According to a World Health Organization (WHO) report, approximately half a million people worldwide suffer a spinal cord injury (SCI) each year as a result of accidents and other causes. Over 17,500 cases of total SCI cases are reported annually in the US alone, and since the spine is a delicate body part with very little power of regeneration, the injury is typically troubling for a long time.
There is no known treatment strategy that guarantees sure and permanent relief from SCI. However, now a team of researchers at the University of Aveiro in Portugal has created a biomaterial that offers a promising way to treat SCIs. The biomaterial is composed of graphene and can be used to develop scaffold implants that would replace damaged parts of the spine in the event of a spinal cord injury.
The potential of graphene-based scaffold implant
The special biomaterial is developed under NeuroStimSpinal, a research project funded by European Union’s Horizon 2020 research and innovation program. The primary goal of this project is to develop a neural tissue scaffold that could offer effective treatment to patients suffering from SCI.
In their study, the researchers reveal that a mixture of a graphene-based material and an extracellular matrix gives rise to a 3D scaffold having structural properties similar to that of the human spinal cord.
Interestingly, the matrix which is also referred to as the “decellularised extracellular matrix” by researchers has a high amount of protein and it is produced by human body cells.

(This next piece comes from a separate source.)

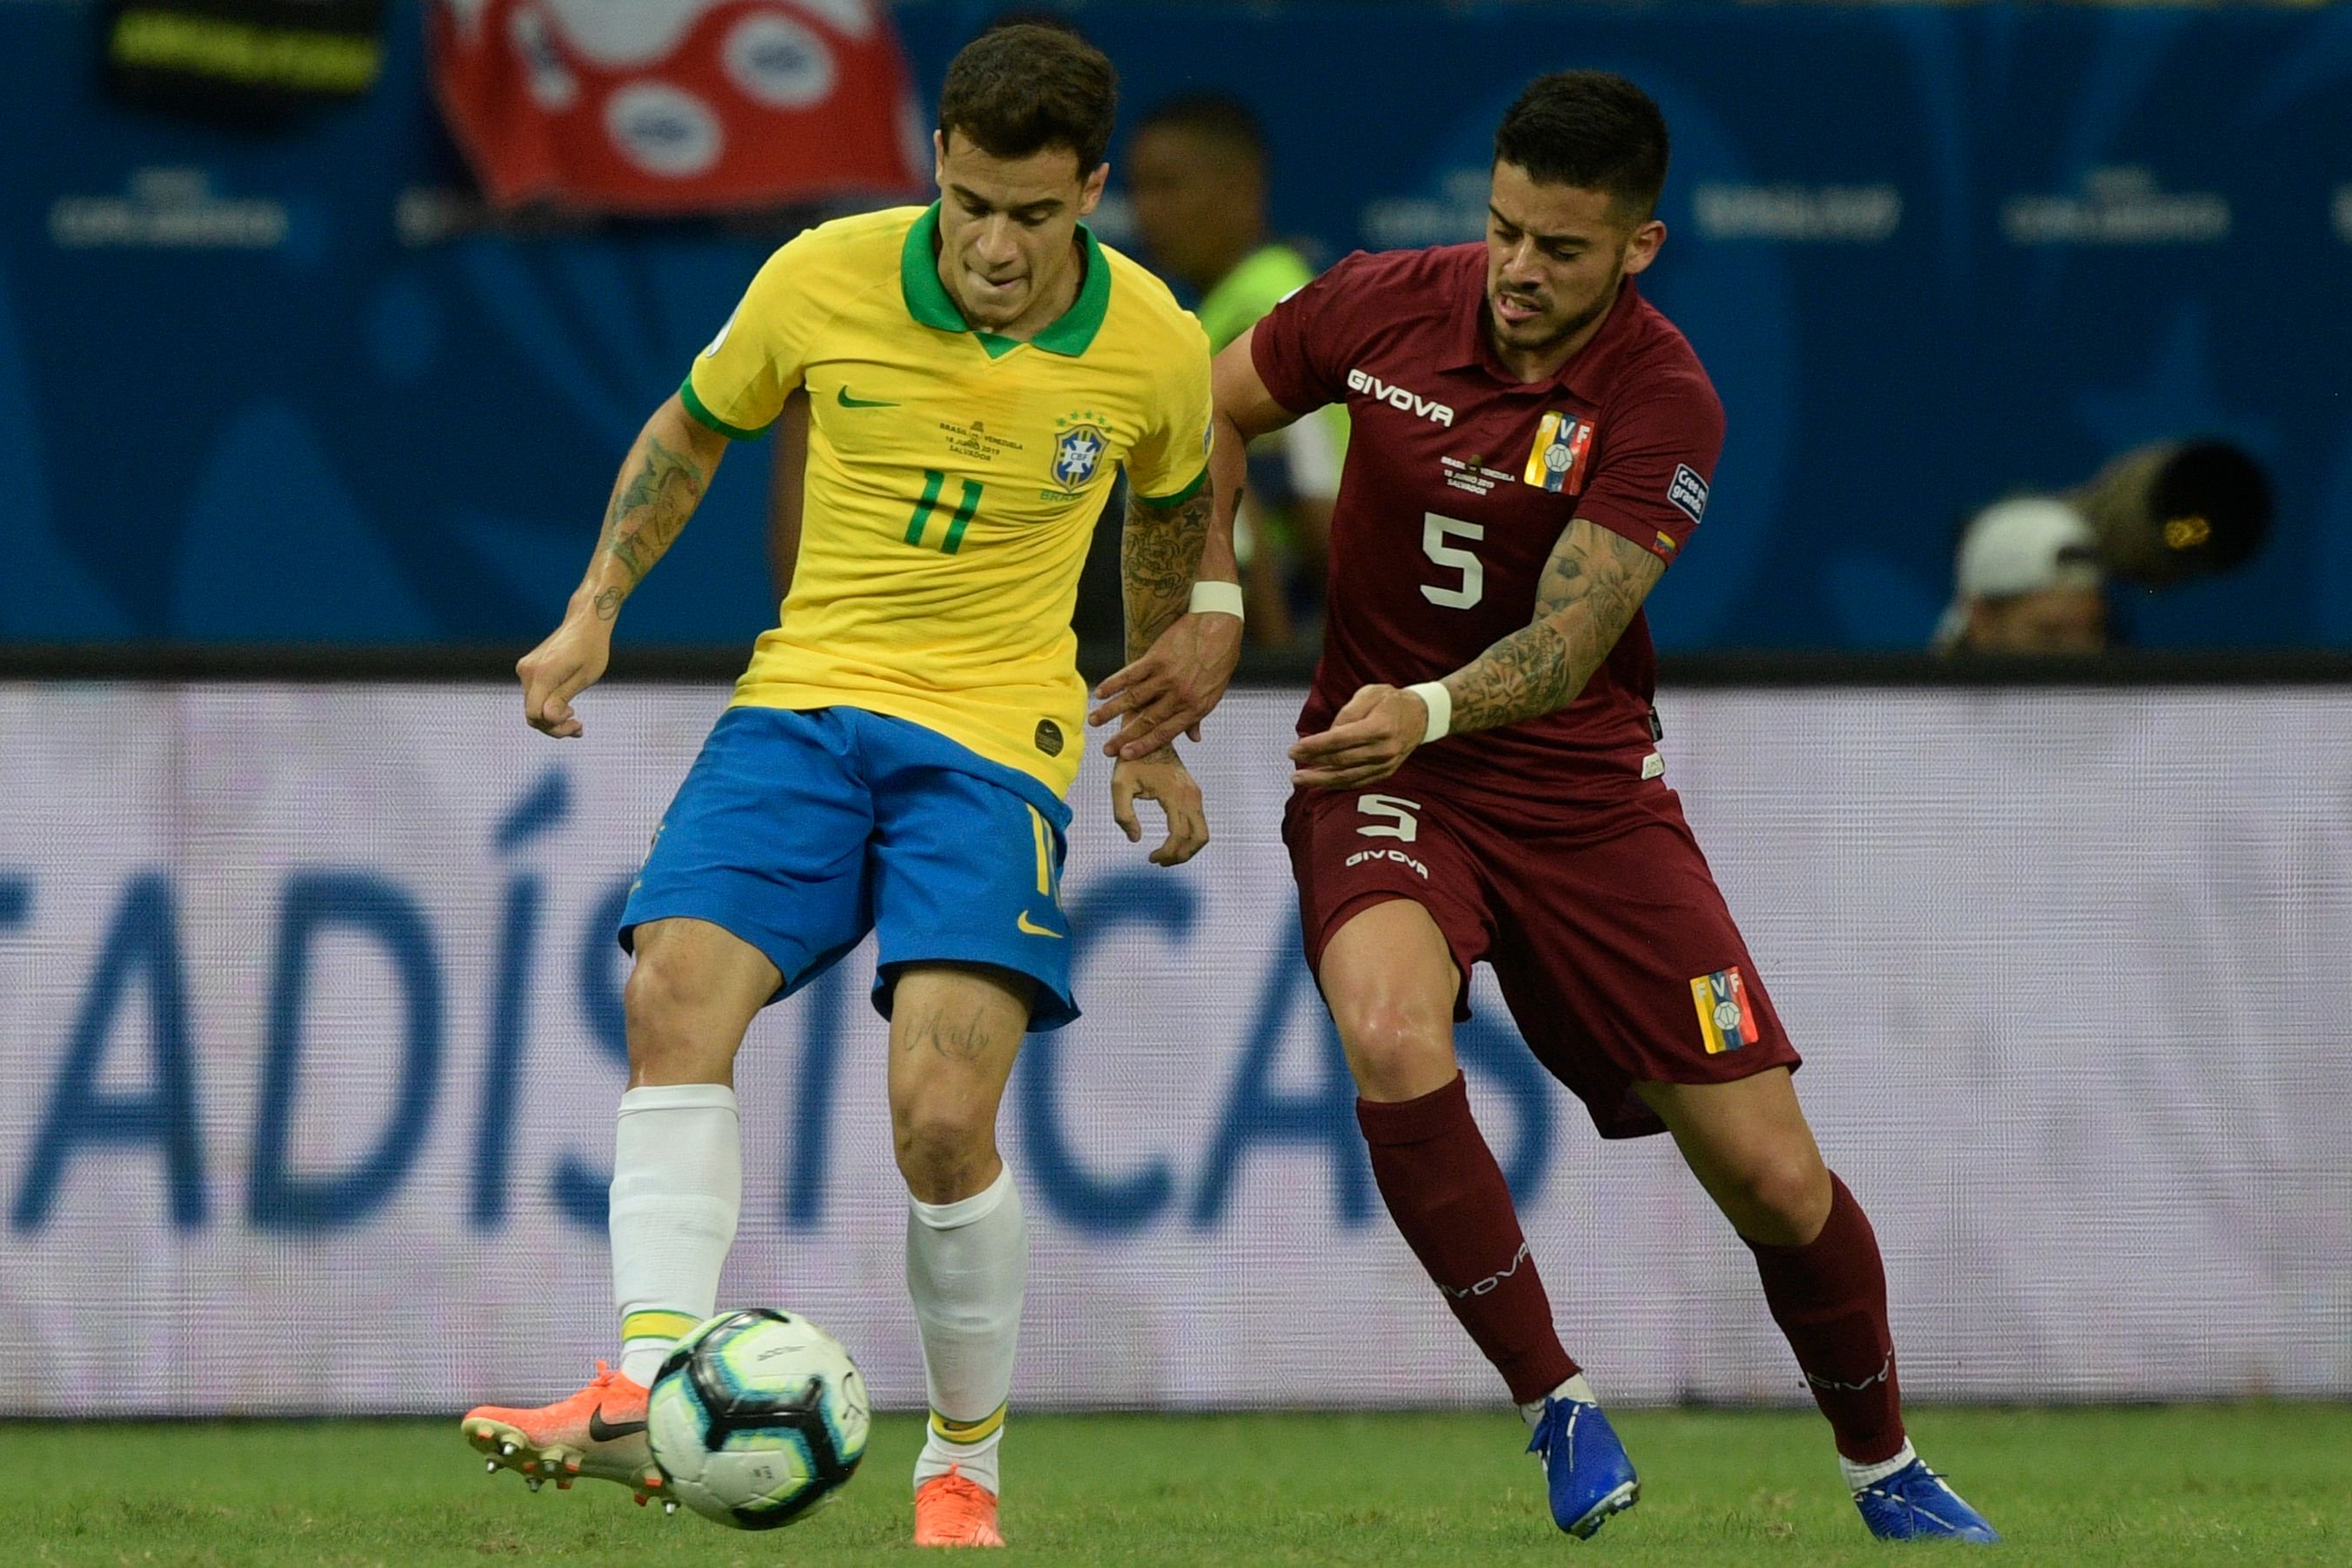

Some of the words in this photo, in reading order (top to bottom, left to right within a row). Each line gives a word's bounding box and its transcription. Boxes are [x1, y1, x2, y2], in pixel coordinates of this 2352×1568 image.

It provides strength to the scaffold. The graphene part on the other side is electrically responsive and facilitates the movement of electrical impulses along the scaffold.
The researchers claim that their implant is porous and does not restrict the movement of spinal fluids, plus it is also biodegradable just like the real structure.
The researchers also performed an interesting lab experiment that successfully demonstrated the ability of the scaffold to support the growth of nerve cells. They placed neural stem cells inside the implant and ran an electrical signal through the scaffold. The stem cells inside the implant were able to give rise to glial cells and neurons — the two types of cells that form the nerve tissue that makes up the spinal cord.
These findings suggest that the scaffold could be used to take the place of any damaged part of the spinal cord. Moreover, it could function in a way similar to the replaced injured part and also enable the nerve cells in the injury region to regenerate. Therefore, allowing a patient to resume his or her natural body functions without any external support.
The scaffold is yet to prove its power
The graphene-based scaffold is indeed a promising solution to SCI but similar ideas have been proposed in the past as well. For instance, In 2020, a team of researchers at China’s Jilin University proposed polymer-based scaffold treatment methods that aimed at repairing and regenerating damaged spinal cord tissues. Similarly, this year in June, scientists at the National and Kapodestrian University of Athens came up with a study that highlighted the role of collagen-based scaffolds in treating SCIs in animals.
None of these strategies (including the current one that mentions graphene scaffolds) have been successfully tested on animal models so far — let alone humans.
The researchers also admit that it will take about a decade or so before the scaffolds are available for use in humans. One of the authors of the study and principal researcher at the University of Aveiro, Paula Marques told Nanowerk:
“I see real hope. My only frustration is that we can’t move forward faster with this research – spinal cord injury has such a big impact on human life.”
The researchers are now planning to test the miniature version of the scaffold implants on rats. If their tests turn out to be successful, this might change the way how SCIs are treated, forever.
The study is published on the European Commission website.